Stored items from a collection:
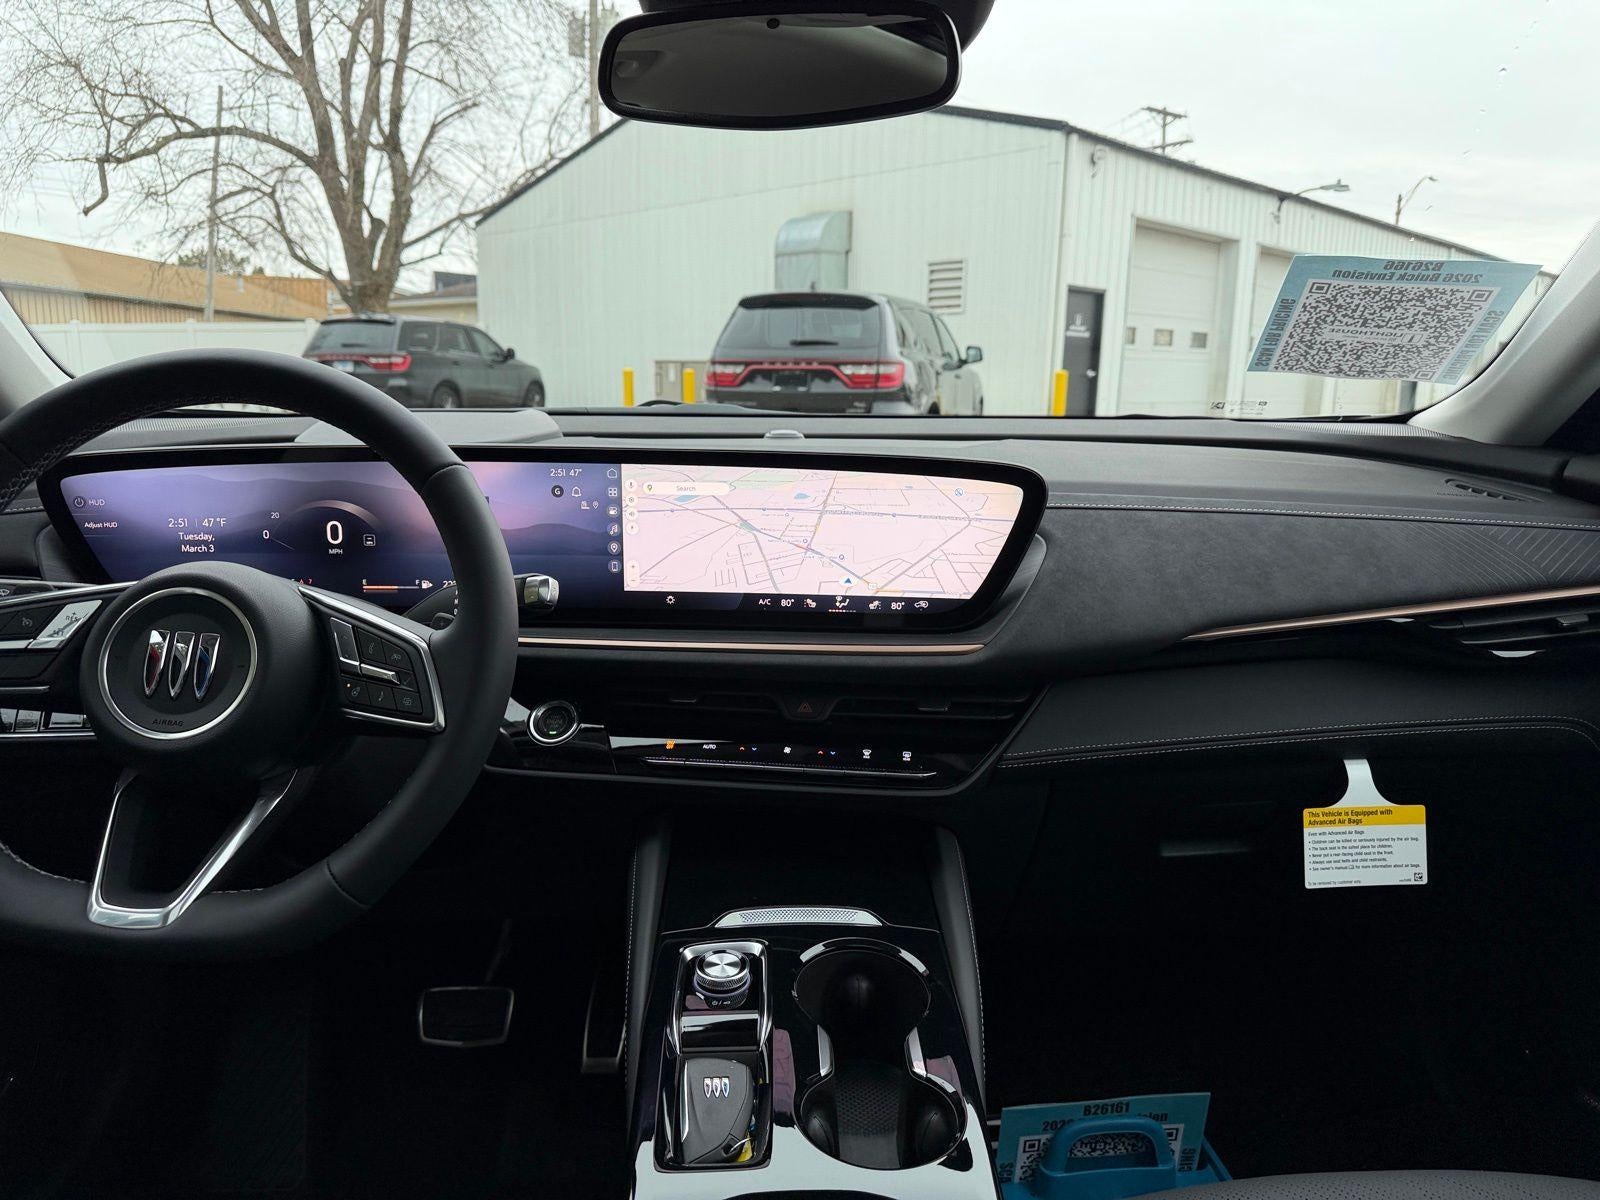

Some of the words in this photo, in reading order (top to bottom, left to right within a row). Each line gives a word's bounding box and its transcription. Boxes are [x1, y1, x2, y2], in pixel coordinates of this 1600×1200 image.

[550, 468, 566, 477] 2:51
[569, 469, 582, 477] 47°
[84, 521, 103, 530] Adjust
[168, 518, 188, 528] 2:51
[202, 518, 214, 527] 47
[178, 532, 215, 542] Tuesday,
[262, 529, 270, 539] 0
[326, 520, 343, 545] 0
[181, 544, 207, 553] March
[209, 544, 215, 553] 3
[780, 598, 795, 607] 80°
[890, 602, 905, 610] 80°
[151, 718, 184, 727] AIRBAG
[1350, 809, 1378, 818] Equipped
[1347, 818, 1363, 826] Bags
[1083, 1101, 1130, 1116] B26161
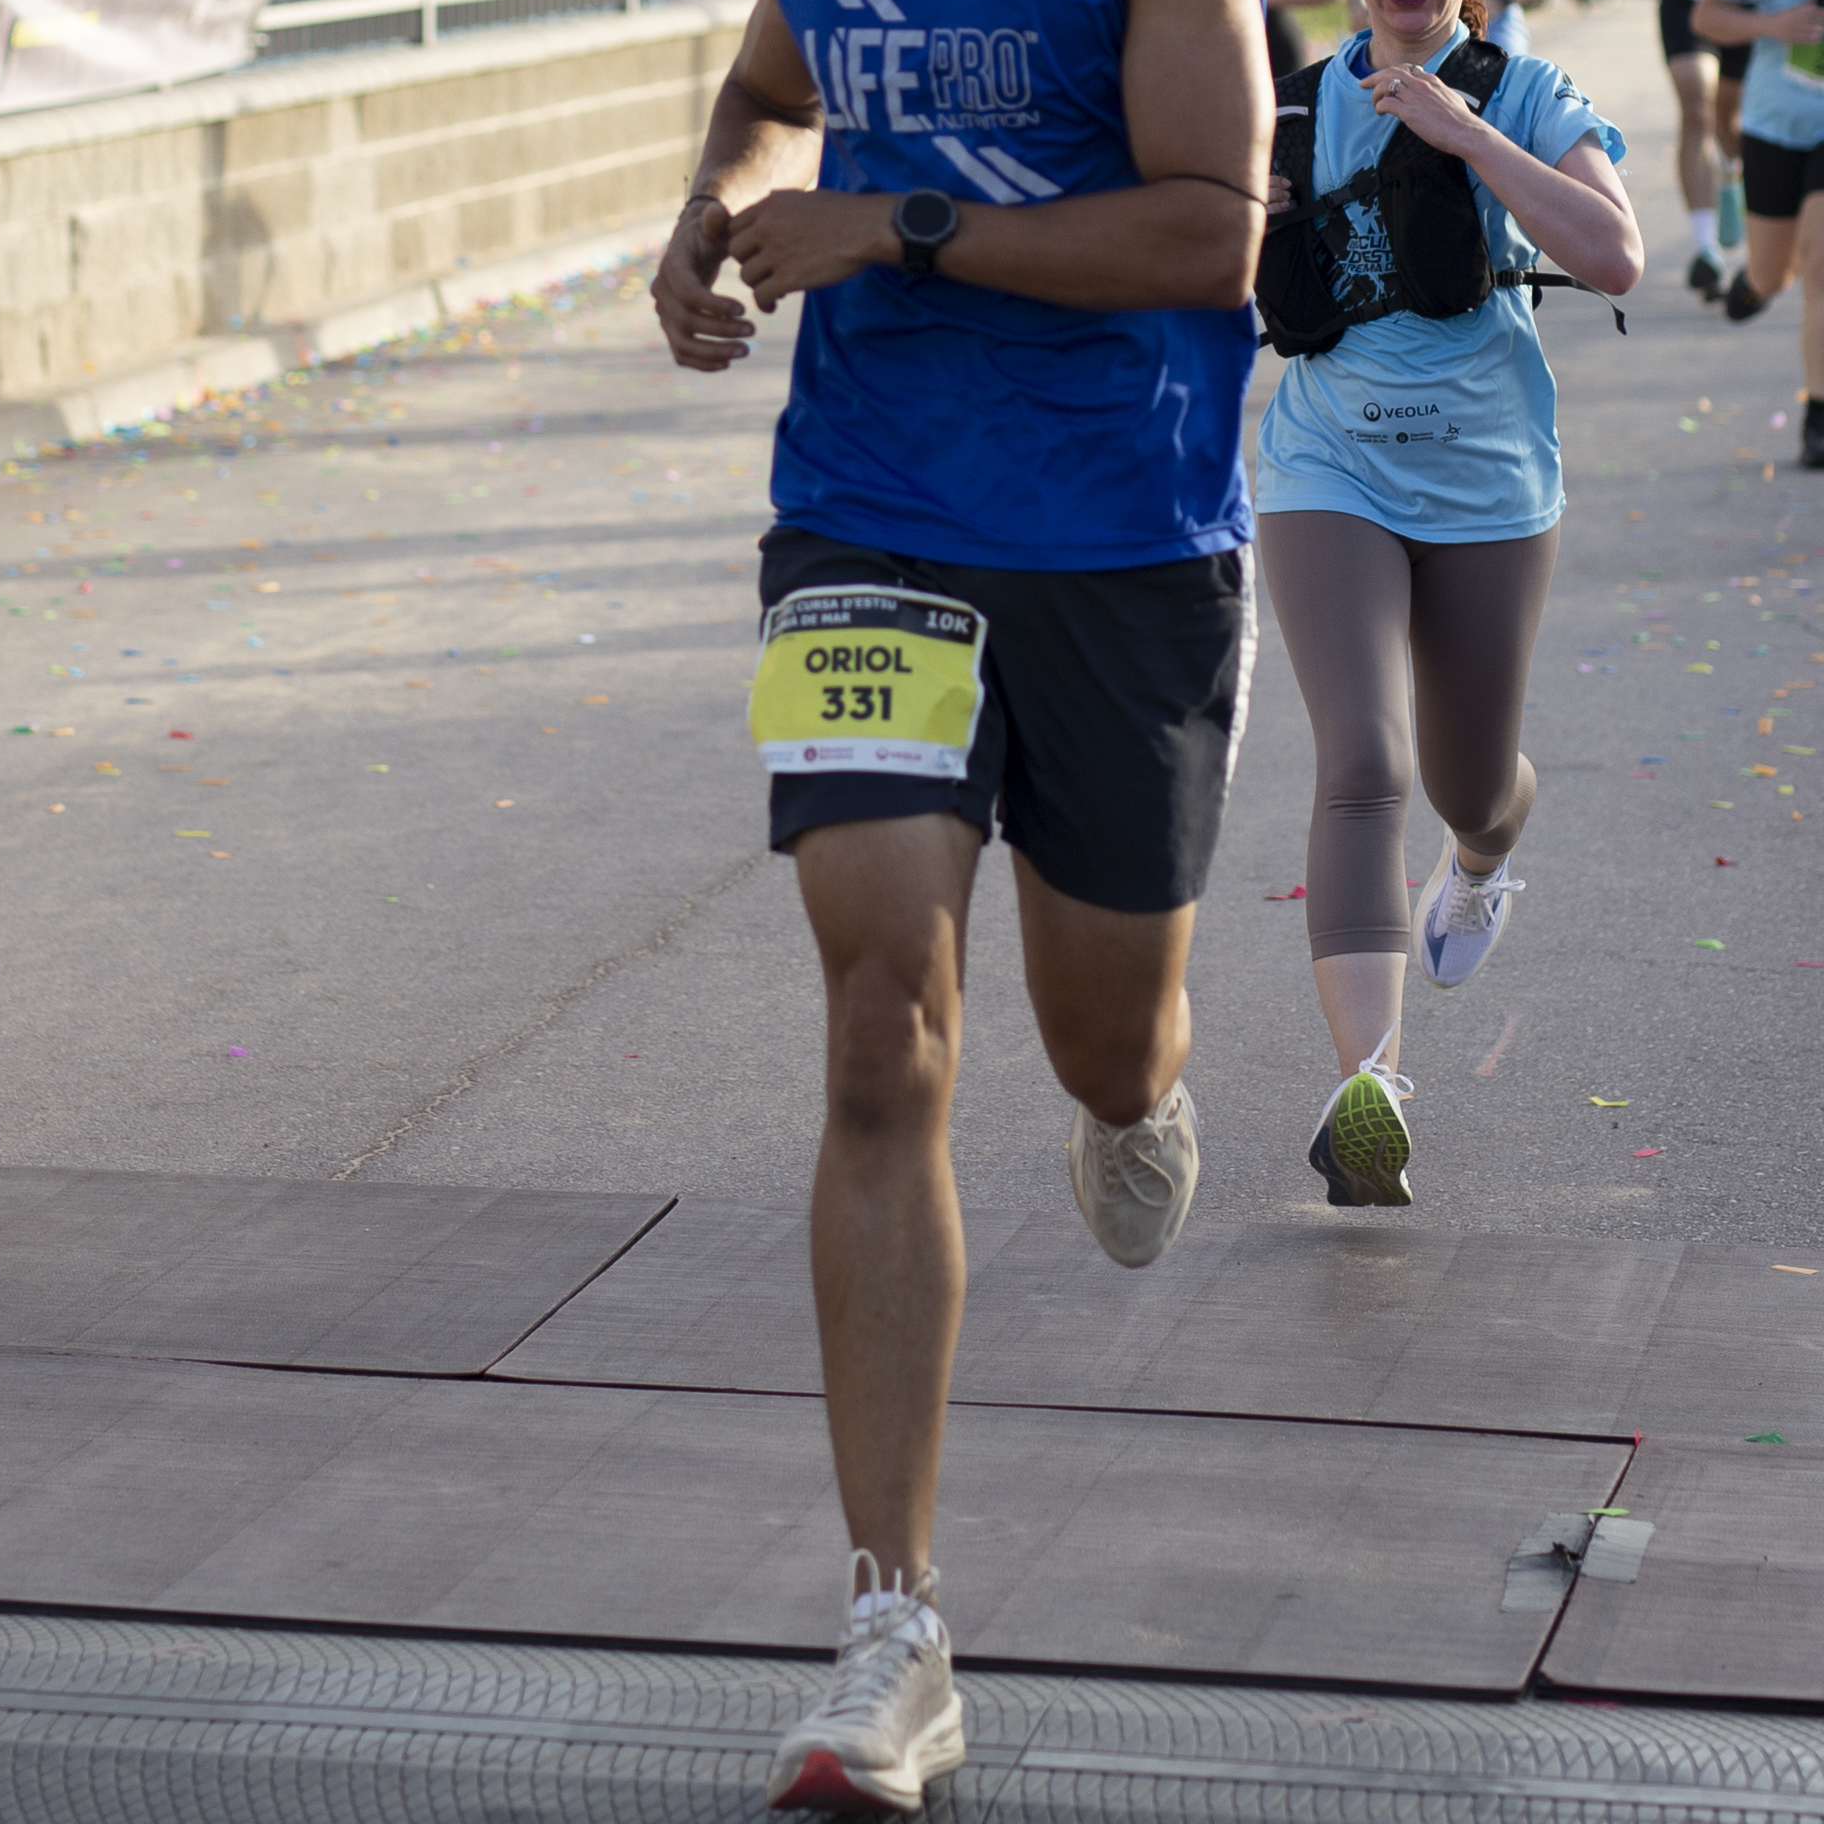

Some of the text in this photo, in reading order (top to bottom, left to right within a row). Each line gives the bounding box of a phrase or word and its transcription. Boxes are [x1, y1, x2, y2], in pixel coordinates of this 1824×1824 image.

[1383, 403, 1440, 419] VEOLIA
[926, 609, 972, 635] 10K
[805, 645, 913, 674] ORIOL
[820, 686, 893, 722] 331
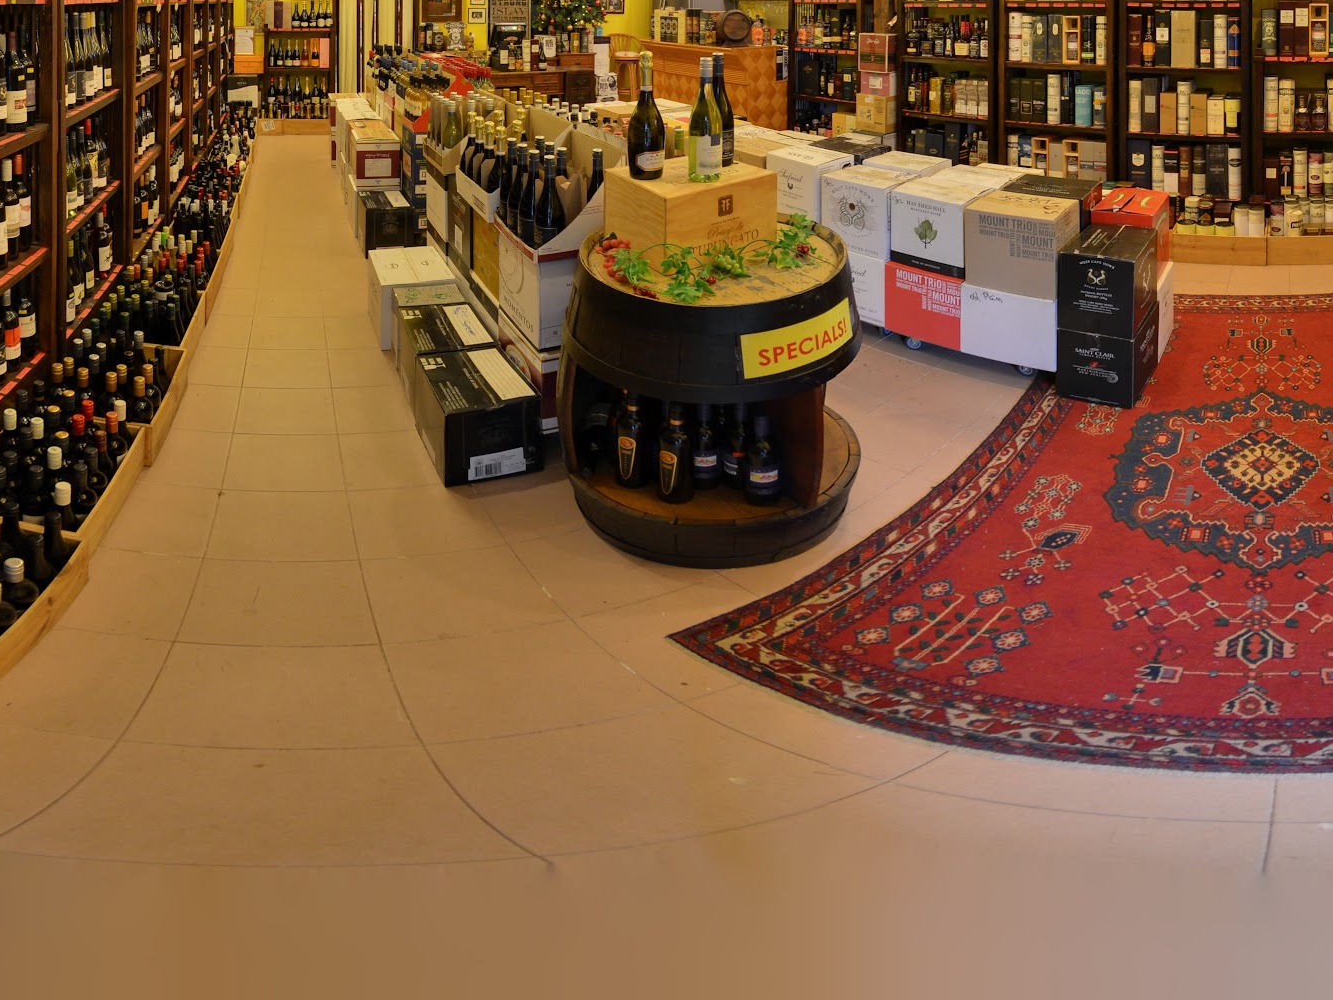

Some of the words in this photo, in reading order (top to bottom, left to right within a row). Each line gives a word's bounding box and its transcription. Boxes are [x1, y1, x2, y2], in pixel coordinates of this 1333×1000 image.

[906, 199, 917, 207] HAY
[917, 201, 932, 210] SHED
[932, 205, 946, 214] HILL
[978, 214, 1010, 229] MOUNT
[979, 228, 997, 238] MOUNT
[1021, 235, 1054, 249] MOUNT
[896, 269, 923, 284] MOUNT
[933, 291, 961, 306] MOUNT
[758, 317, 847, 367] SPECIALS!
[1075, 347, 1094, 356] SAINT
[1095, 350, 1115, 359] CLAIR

**Instructions to follow**
Print the line that contains "this 1333×1000 image.", then every later line of the entries above up to and including the last, all exactly as written.

**Your response**
Some of the words in this photo, in reading order (top to bottom, left to right within a row). Each line gives a word's bounding box and its transcription. Boxes are [x1, y1, x2, y2], in pixel coordinates of this 1333×1000 image.

[906, 199, 917, 207] HAY
[917, 201, 932, 210] SHED
[932, 205, 946, 214] HILL
[978, 214, 1010, 229] MOUNT
[979, 228, 997, 238] MOUNT
[1021, 235, 1054, 249] MOUNT
[896, 269, 923, 284] MOUNT
[933, 291, 961, 306] MOUNT
[758, 317, 847, 367] SPECIALS!
[1075, 347, 1094, 356] SAINT
[1095, 350, 1115, 359] CLAIR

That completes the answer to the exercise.